Oil & Gas Science and Technology - Rev. IFP Energies nouvelles
Volume 73, 2018
Numéro d'article 68
Nombre de pages 16
DOI https://doi.org/10.2516/ogst/2018065
Publié en ligne 3 décembre 2018

© G. Soares Oliveira et al., published by IFP Energies nouvelles, 2018

Licence Creative Commons
This is an Open Access article distributed under the terms of the Creative Commons Attribution License (http://creativecommons.org/licenses/by/4.0), which permits unrestricted use, distribution, and reproduction in any medium, provided the original work is properly cited.

1 Introduction

An essential step in reservoir modeling is the characterization of petrophysical properties in the reservoir. Due to scarce data and reservoir complexity, a large uncertainty is present in the process, resulting in wide production variability. In order to minimize the misfit between production and history data a calibration is necessary with a process known as history matching or data assimilation. The resulting matched models can then be used production forecast and decision analysis.

History matching is an iterative process that changes the reservoir model with the objective of decreasing the misfit between production and history data. This misfit can be measured using the concept of objective function, that represents the normalized misfit between simulated and history data, allowing the comparison between different dynamic data types (e.g. pressure and rates).
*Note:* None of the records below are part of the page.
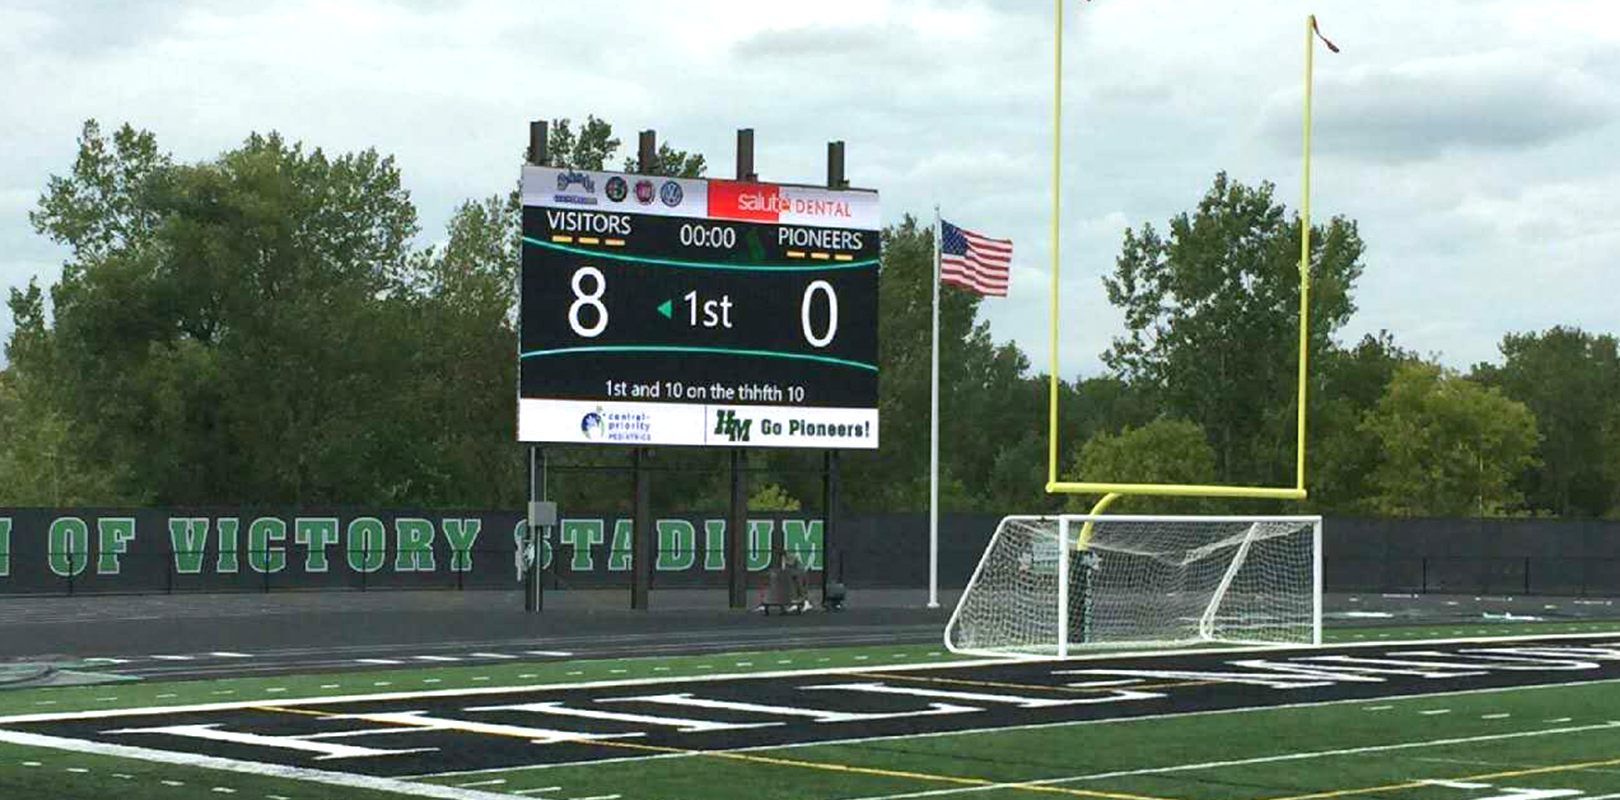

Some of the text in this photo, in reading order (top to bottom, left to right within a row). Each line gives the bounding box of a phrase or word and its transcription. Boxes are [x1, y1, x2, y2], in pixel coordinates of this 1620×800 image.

[795, 200, 852, 218] DENTAL
[546, 210, 632, 235] VISITORS
[680, 223, 736, 250] 00:00
[778, 227, 863, 250] PIONEERS
[568, 266, 609, 338] 8
[684, 289, 733, 329] 1st
[801, 280, 838, 348] 0
[605, 380, 627, 397] 1st
[632, 381, 660, 398] and
[665, 382, 683, 399] 10
[687, 386, 706, 399] on
[710, 384, 735, 401] the
[787, 386, 805, 402] 10
[761, 418, 871, 438] Go Pioneers!
[48, 517, 136, 577] OF
[168, 517, 482, 574] VICTORY
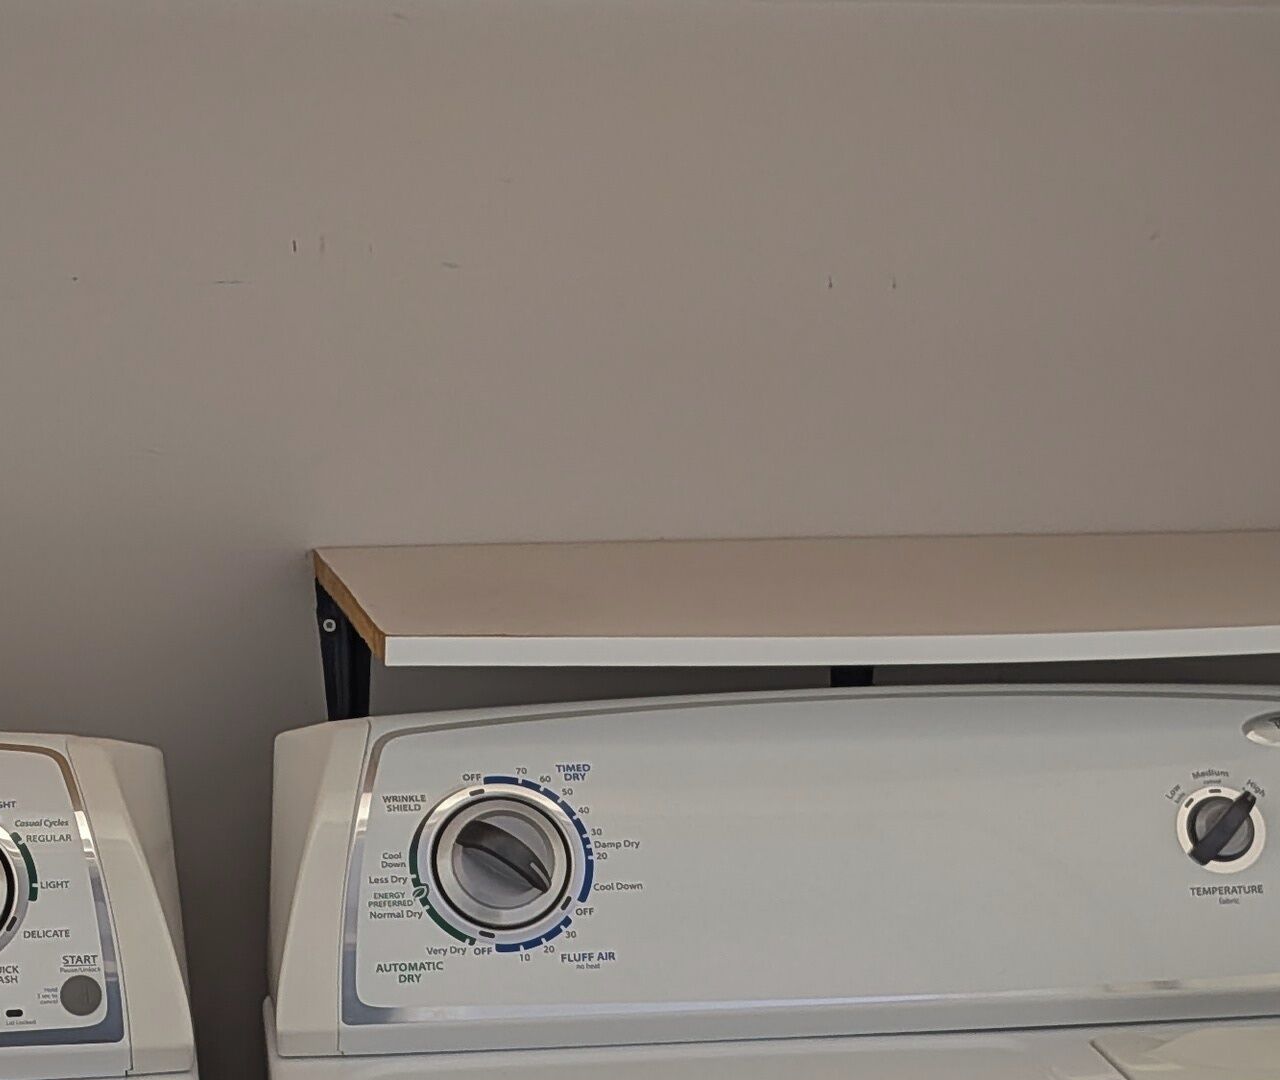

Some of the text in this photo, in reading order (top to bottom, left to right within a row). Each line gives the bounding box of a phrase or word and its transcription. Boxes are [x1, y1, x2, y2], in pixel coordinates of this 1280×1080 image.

While deterministic history matching creates a single model, probabilistic history matching creates a set of models that, although fitted to the history data, may provide different production forecasts. The central idea of probabilistic approach is to use observed data to condition the process of reducing reservoir parameter uncertainties, such as porosity, permeability, for example. Due to the multiple possible answers to match the data, a single model (deterministic approach) is no longer a goal and instead, a probabilistic history matching is preferable in order to allow uncertainty quantification which will help reservoir management and decision making.
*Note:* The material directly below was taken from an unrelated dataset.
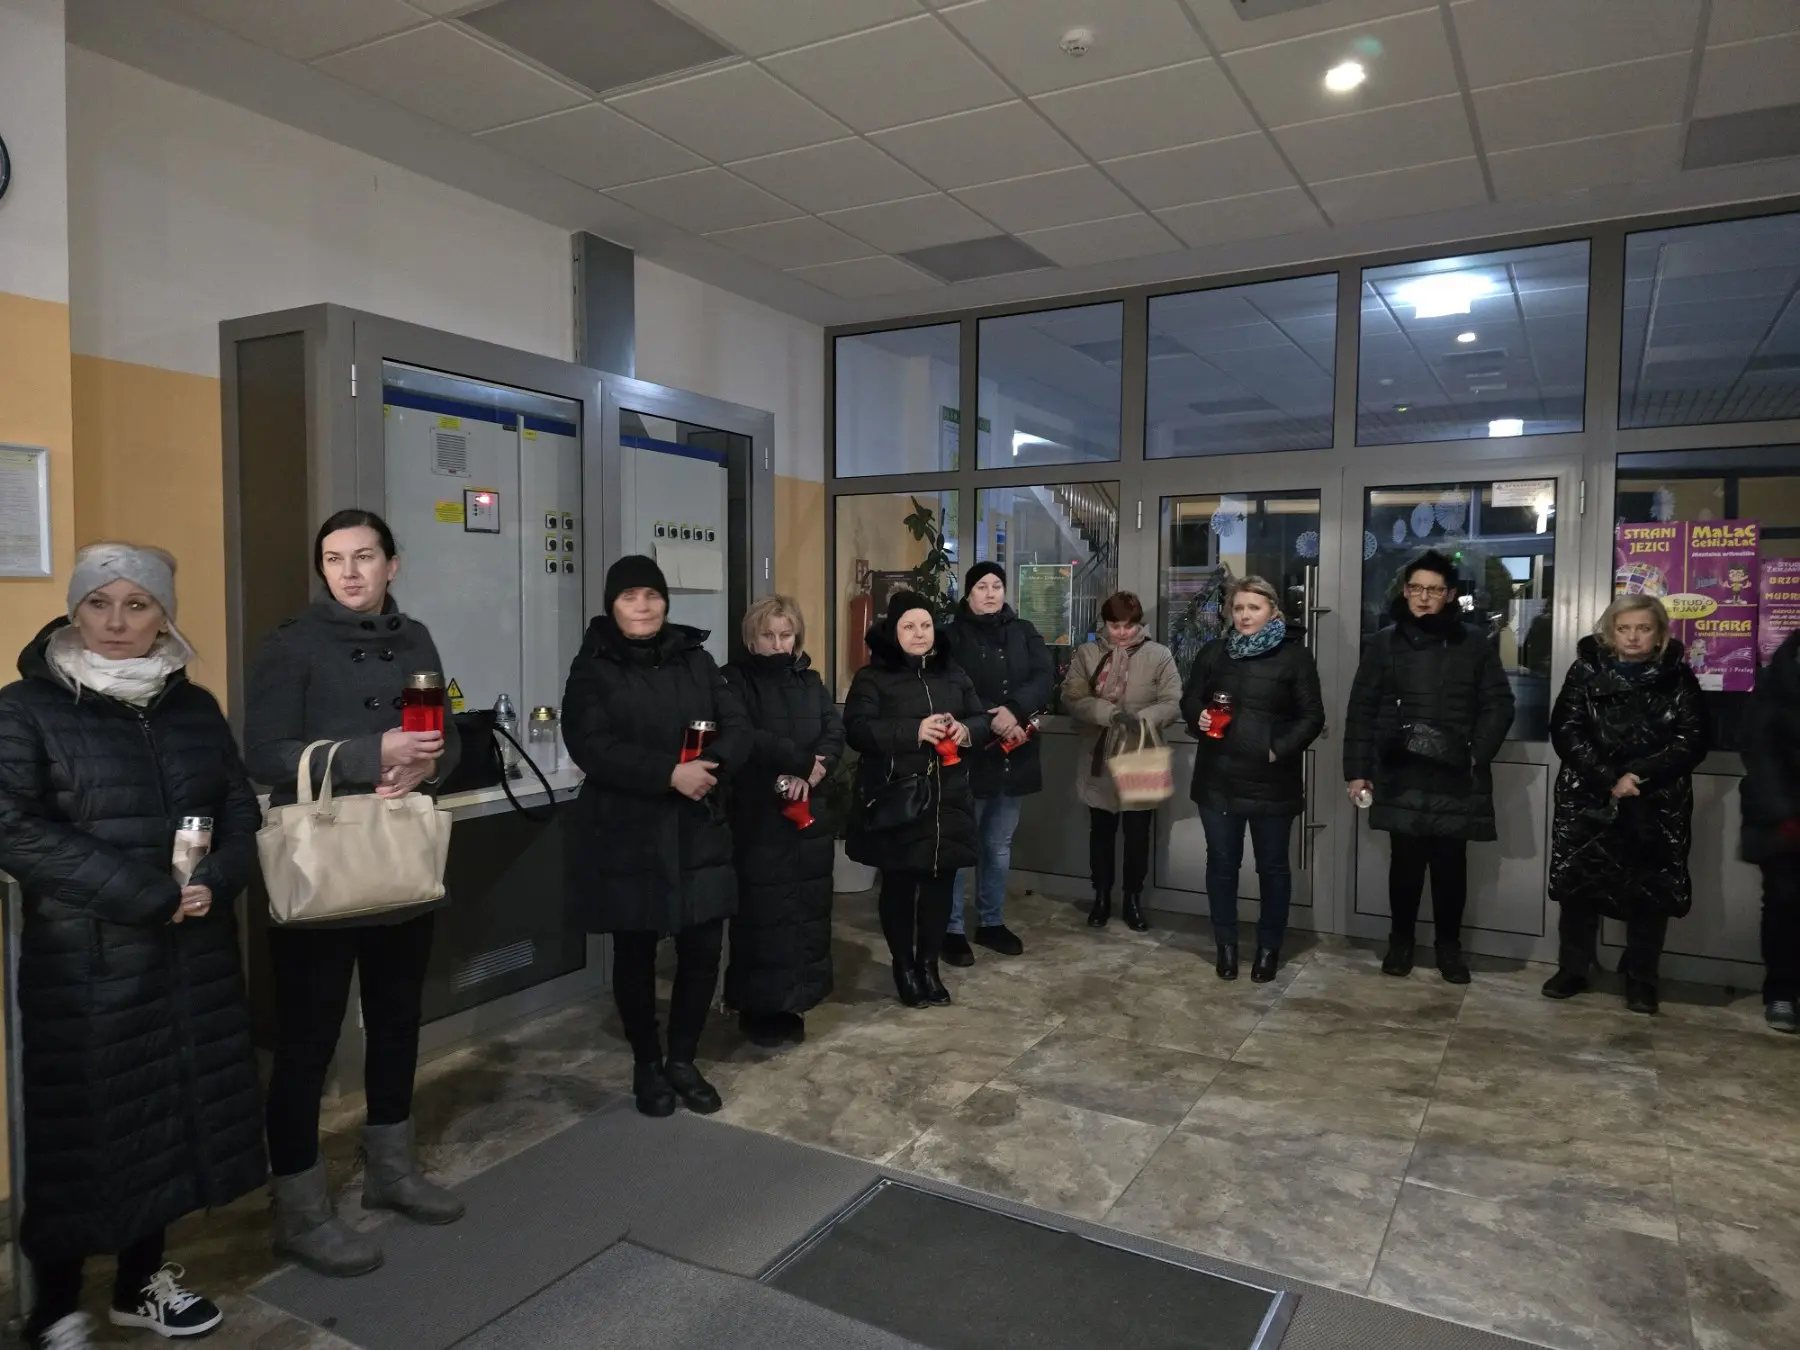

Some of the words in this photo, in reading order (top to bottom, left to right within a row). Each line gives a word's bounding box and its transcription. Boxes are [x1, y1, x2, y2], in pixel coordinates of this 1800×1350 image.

[1624, 528, 1676, 540] STRANI
[1629, 541, 1670, 554] JEZICI
[1695, 620, 1752, 631] GITARA
A single objective function, normally the sum or average of all objective functions is not enough to capture specific behavior, and instead a multi-objective function is preferable. This approach allows the evaluation of each objective function and well individually (Almeida et al., 2014; Caeiro et al., 2014; Christie et al., 2013; Hajizadeh et al., 2011; Hutahaean et al., 2015; Mesquita et al., 2015; Schulze-Riegert and Kroschem, 2007). This improves understanding of reservoir behavior and enables the identification of necessary changes to history match a particular objective function (Oliveira et al., 2017a).

Several works have presented reservoir image perturbation methods that improve the geological consistency, the best known of which are the Probability Perturbation Method (Hoffman, 2005; Hoffman and Caers, 2003, 2005) for categorical properties such as facies, Gradual Deformation Method (Ding and Roggero, 2010; Gervais-Couplet et al., 2007; Hu, 2000; Roggero and Hu, 1998) and Co-Simulation (Mata-Lima, 2008; Mata-Lima and Soares, 2007; Oliveira, 2014) for continuous properties such as porosity and permeability.
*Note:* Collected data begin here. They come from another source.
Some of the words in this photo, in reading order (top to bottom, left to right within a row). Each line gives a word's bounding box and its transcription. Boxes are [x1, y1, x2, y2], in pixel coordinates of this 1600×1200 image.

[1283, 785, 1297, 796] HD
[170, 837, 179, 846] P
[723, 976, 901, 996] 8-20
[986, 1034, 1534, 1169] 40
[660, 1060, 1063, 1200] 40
These methods have the particularity of allowing a local perturbation within defined non-overlapping regions, avoiding the perturbation of the entire reservoir equally. Using the local perturbation has three main advantages: (1) the reservoir images have an increase in variability, (2) the method is more flexible to achieve the match and (3) the convergence is twice as fast than using global perturbation (Hoffman and Caers, 2005; Oliveira, 2014; Oliveira et al., 2017b).

Oliveira et al. (2017a) proposed a methodology that was able to deal with multiple petrophysical properties by locally reducing the uncertainty in facies, porosity, and permeability simultaneously. It was noticed that using a single image could generate multiple solutions but with similar characteristics (local minimum) making the history matching process less effective because of the cross-influence between regions and properties. Occasionally, it was necessary to undo the perturbation to correct the misfit by selecting a new reservoir image to perturb the model again.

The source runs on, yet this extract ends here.